Importante novità per OrtoRomi che si avvia verso il mercato asiatico. L’azienda di Borgoricco (PD) con sede anche a Bellizzi (SA) è da tempo in contatto con un importatore cinese e fra non molto potrebbe completare l’iter sanitario così da poter iniziare la fase vendita.

“Le trattative – spiega Rino Bovo, Presidente della Cooperativa OrtoRomi – sono iniziate da circa un anno. L’emergenza Covid ha rallentato i rapporti commerciali, ma siamo in costante contatto e per questo riprenderanno a fine pandemia”.

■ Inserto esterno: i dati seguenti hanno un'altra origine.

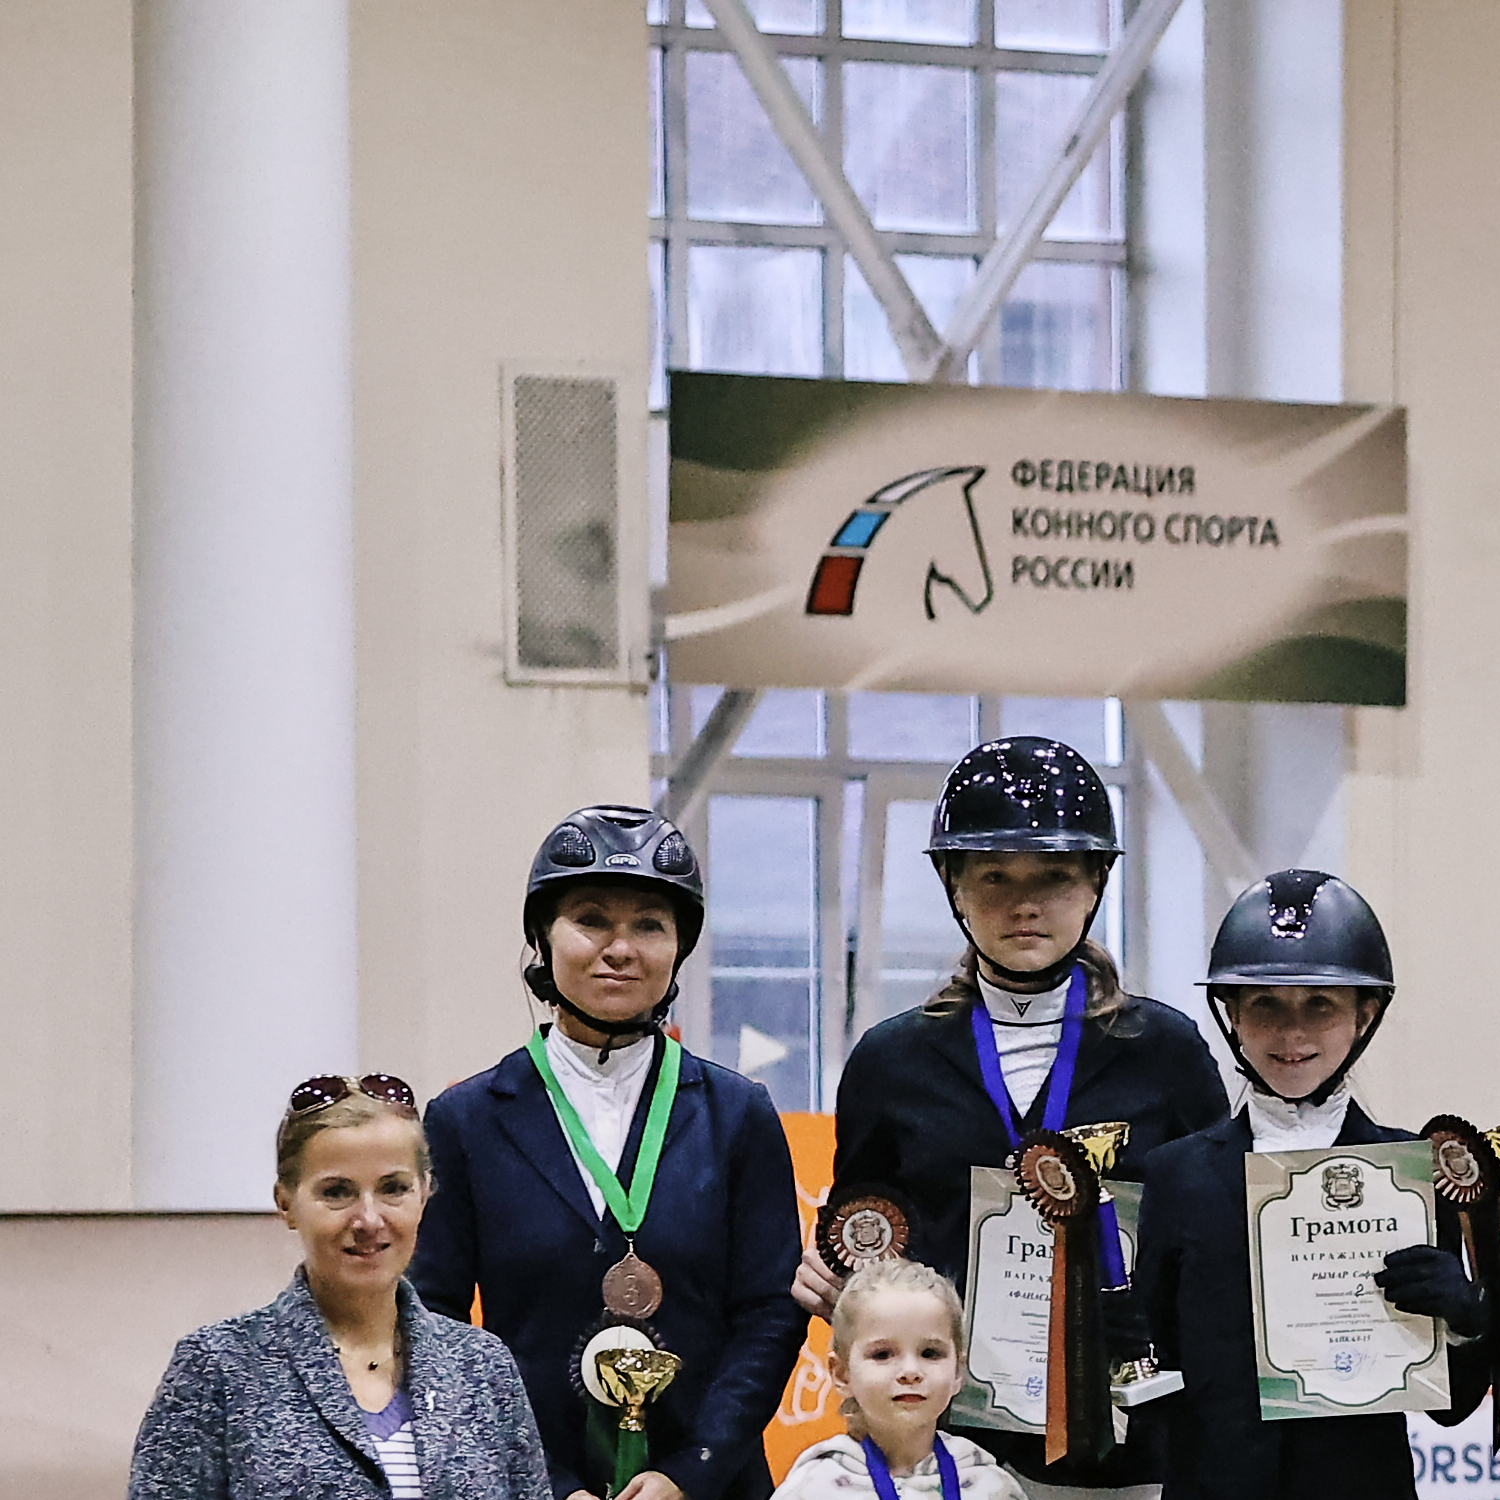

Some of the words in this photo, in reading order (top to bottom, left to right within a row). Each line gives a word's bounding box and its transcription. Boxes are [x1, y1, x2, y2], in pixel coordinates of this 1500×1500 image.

[1011, 458, 1197, 497] ФЕДЕРАЦИЯ
[1011, 508, 1155, 543] КОННОГО
[1164, 511, 1280, 548] СПОРТА
[1011, 556, 1135, 590] РОССИИ
[1290, 1217, 1398, 1243] Грамота
[1291, 1250, 1391, 1262] НАГРАЖДАЕТС
[1311, 1271, 1350, 1281] РЫМАР
[1354, 1283, 1364, 1298] 2

OrtoRomi ha inserito nel piano triennale dell’azienda 2021-2023 un progetto di internazionalizzazione in Cina, con l’auspicio di poter recuperare il fatturato perso durante il periodo Covid.

Dopo l’ottima notizia di fine 2020 che vede OrtoRomi, nel mercato italiano, solo seconda a Bonduelle, in virtù di un anno particolare dove la pandemia ha scompensato gli equilibri economici nazionali, un passo molto importante sarebbe quello di affacciarsi per poi espandersi in Cina.

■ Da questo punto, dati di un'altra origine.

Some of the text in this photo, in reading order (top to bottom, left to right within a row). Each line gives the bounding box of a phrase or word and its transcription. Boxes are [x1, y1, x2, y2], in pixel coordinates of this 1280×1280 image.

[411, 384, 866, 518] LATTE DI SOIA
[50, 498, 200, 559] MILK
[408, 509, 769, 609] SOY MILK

“Abbiamo avviato dei contatti di tipo commerciale – conferma il manager Cristiano Detratti – e siamo in procinto di superare i test sanitari come primo step doganale. Al momento siamo in attesa e visto la lentezza che ha creato la pandemia speriamo che entro un anno e mezzo i nostri estratti possano essere presenti in Cina”.

Le vie della seta possono essere una nuova opportunità e sarebbe un peccato non provarci in quanto la shelf life degli estratti è di 50 giorni e ben si adatterebbero ai tempi della logistica.

L’interlocutore cinese opera nel canale ho.re.ca. e in particolare in quello dell’hotellerie di lusso, come da conferma della stessa azienda.